Lancement de l’Institut Margaret Thatcher

Margaret Thatcher

Nouvellement créé, l’Institut Margaret Thatcher a pour objet d’être une plateforme de promotion des idées libérales à travers un discours accessible par l’ensemble des citoyens français.

Par Thibault pour l’Institut Margaret Thatcher.

Margaret ThatcherMardi dernier, le 8 avril 2014, était le premier anniversaire de la disparition de Margaret Thatcher.

Nous sommes aujourd’hui très heureux de vous annoncer la création de l’Institut Margaret Thatcher. Celui-ci a pour objet premier d’être une plateforme de promotion des idées libérales à travers un discours accessible à l’ensemble des citoyens français. Cet objectif repose sur un postulat essentiel : après leur production et leur appropriation par les élites, les idées libérales ne pourront prendre corps que si elles sont massivement propagées.

Afin de répondre à ce postulat, l’Institut Margaret Thatcher se construit autour de trois piliers.

  • Le premier est le pilier économique et financier. Il s’agit du pilier traditionnel, voire « naturel », des libéraux. Nous voulons aborder toutes les questions liées à la fiscalité, à l’intervention de l’État dans l’économie (abolition de tous les monopoles etc.), à l’emploi et à l’innovation. Dans ce but, nous défendrons le retour à la fonction contributive de l’impôt et la fin de la fonction redistributrice, avec notamment l’impôt proportionnel négatif, mais également, la fin de toute planification de l’innovation.
  • Le deuxième est le pilier social et sociétal. Margaret Thatcher pensait le libéralisme comme une vision de la société et des interactions en son sein. L’approche individualiste doit être réhabilitée comme la promotion d’un intérêt général en tant que somme des intérêts particuliers. Nous défendrons notamment : le rétablissement d’une liberté d’expression ayant pour seule limite la nuisance aux libertés d’autrui ; la stricte séparation entre la règle politique et la règle religieuse ; la réhabilitation de l’égalité réelle d’accès à l’éducation ; et la mise en œuvre d’une politique sécuritaire et pénale qui prenne en compte les motivations économiques des infractions (notamment via la légalisation de certaines drogues).
  • Le troisième est le pilier régalien. La liberté des Modernes est celle accordée par un État de droit efficace. Mais nous défendrons l’idée selon laquelle l’État n’est efficace que là où il est compétent. Nous défendrons ainsi une intervention de l’État limitée aux domaines régaliens, que nous définissons comme ceux qui permettent de garantir la liberté à chaque citoyen : le monopole de la force publique (police et Justice) ; le monopole de la représentation souveraine vis-à-vis des autres États (diplomatie et force militaire) ; le monopole de la recette et de la dépense publique (impôts et taxes)

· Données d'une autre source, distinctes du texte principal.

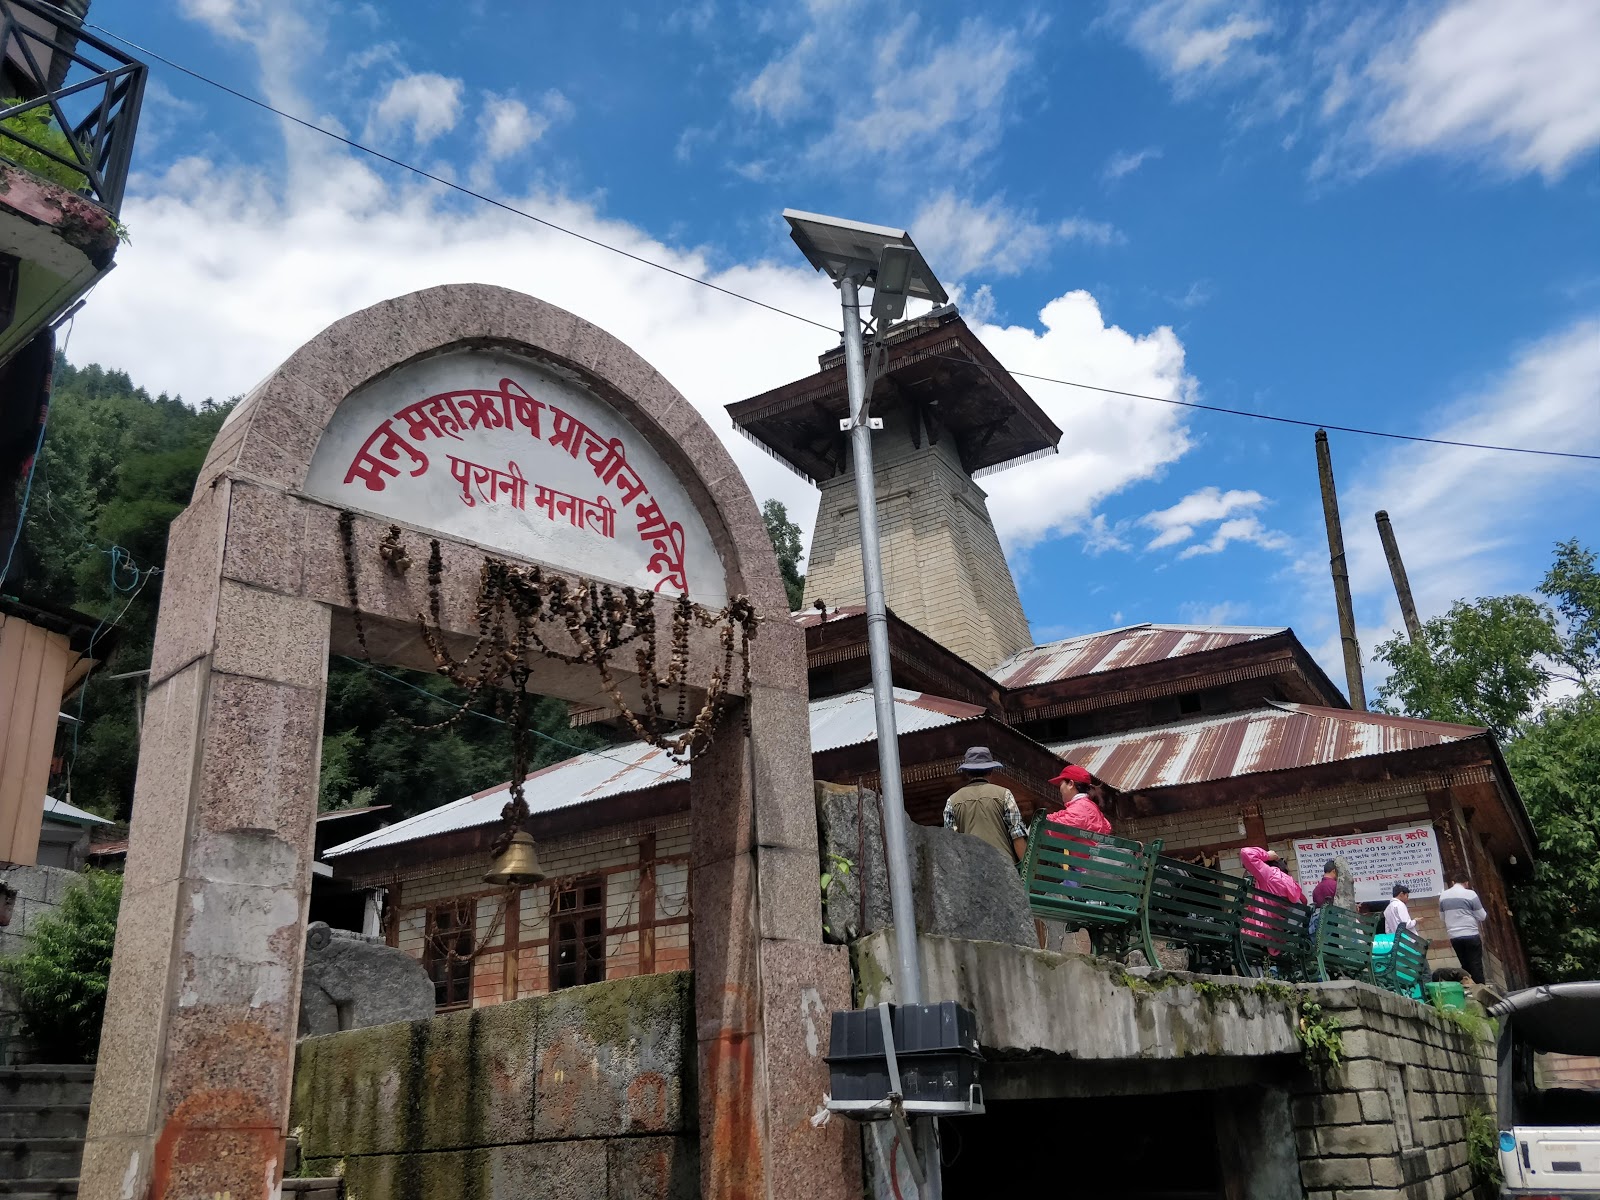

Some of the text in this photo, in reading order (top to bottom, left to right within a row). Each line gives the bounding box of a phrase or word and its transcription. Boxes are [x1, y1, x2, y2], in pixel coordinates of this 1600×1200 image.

[343, 419, 430, 492] मनु
[394, 377, 546, 441] महाऋषि
[548, 404, 649, 507] प्राचीन
[445, 454, 617, 539] पुरानी मनाली
[1298, 843, 1313, 851] जय
[1365, 836, 1382, 844] जय
[1385, 834, 1404, 844] मनु
[1405, 829, 1428, 840] ऋषि

Parce que la démocratie libérale est une démocratie décentralisée, nous porterons également le principe d’une République réellement décentralisée, avec des collectivités locales dotées de compétences d’attribution et la suppression totale de toute clause de compétence générale à leur profit pour simplifier la lisibilité des différents échelons de pouvoir vis-à-vis des citoyens. La République décentralisée fait écho à l’Europe fédérale que nous appelons de nos vœux, et qui doit permettre à terme d’attribuer aux organes exécutifs de l’Union européenne des pouvoirs propres et régaliens permettant notamment de garantir l’harmonisation fiscale et réglementaire. Enfin, on ne peut pas s’engager pour la liberté au sein d’un pays et oublier la liberté souveraine de l’État. Nous porterons donc l’idée d’une redéfinition de la politique étrangère de la France pour garantir l’indépendance stratégique du pays.

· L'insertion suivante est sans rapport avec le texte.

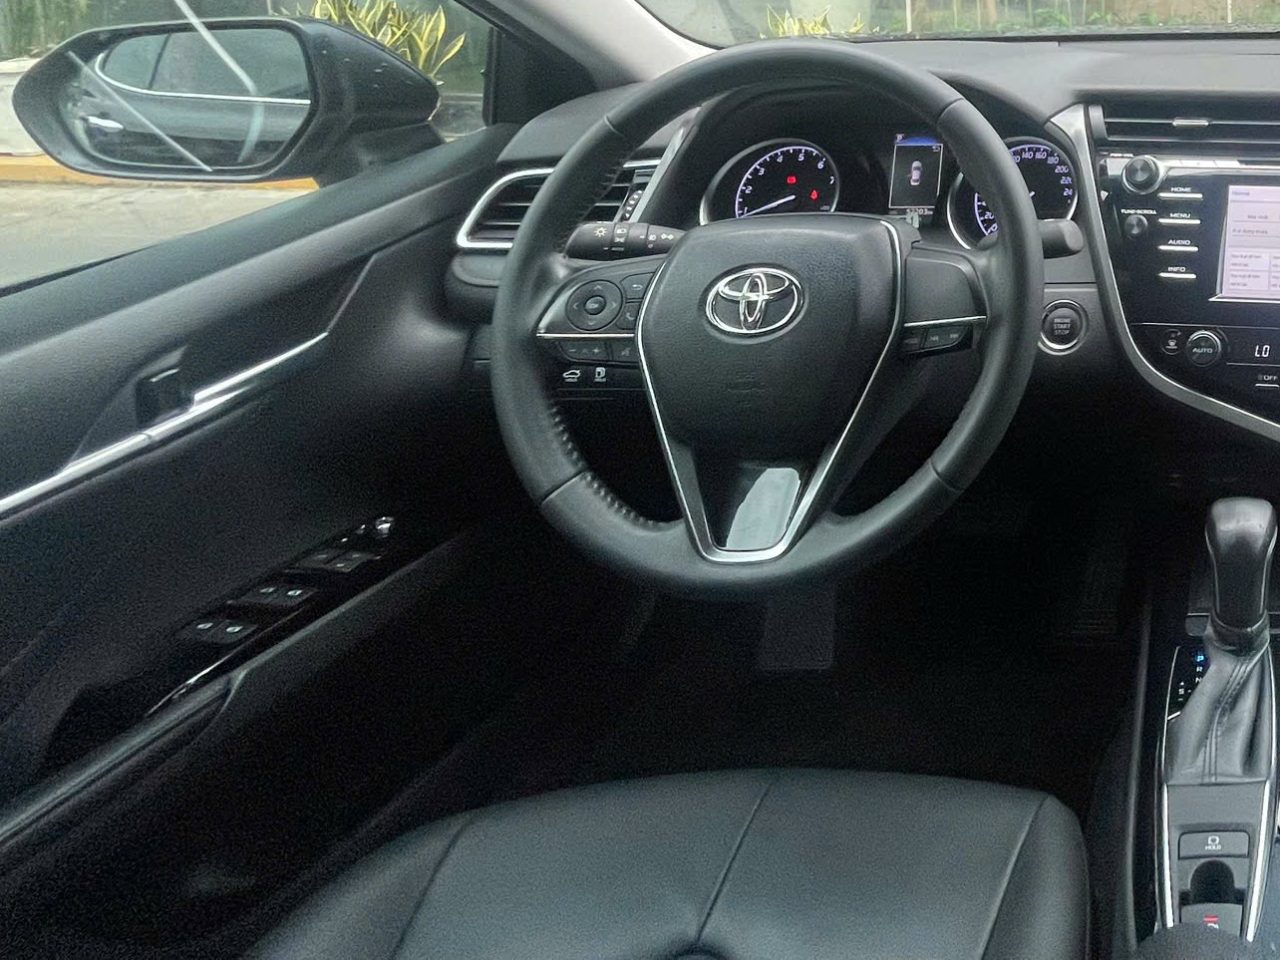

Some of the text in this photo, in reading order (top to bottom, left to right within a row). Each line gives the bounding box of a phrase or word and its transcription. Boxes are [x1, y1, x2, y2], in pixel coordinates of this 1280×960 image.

[817, 161, 824, 170] 6
[758, 167, 765, 176] 3
[745, 185, 752, 194] 2

La diffusion de ces idées se fera à travers un réseau de dirigeants politiques et économiques, de chercheurs, de personnalités de la société civile et de citoyens qui seront des ambassadeurs de nos idées. Conscients que ces idées ne pourront se transmettre massivement que par des moyens innovants, nous utiliserons les outils numériques et audiovisuels comme vecteurs de nos idées. Eux seuls permettront une diffusion de masse, voire une « vulgarisation » de ces idées, première étape vers l’adhésion à notre projet. C’est par la vulgarisation des concepts inhérents au libéralisme que nous remplirons la mission que nous nous sommes fixée. Ainsi, notre stratégie de communication s’articule en trois étapes : interpeller, expliquer, convaincre.

Notre site Internet sera très prochainement en ligne à l’adresse suivante : thatcher.institute. Je ne manquerai pas, si vous le souhaitez, de vous le faire parvenir.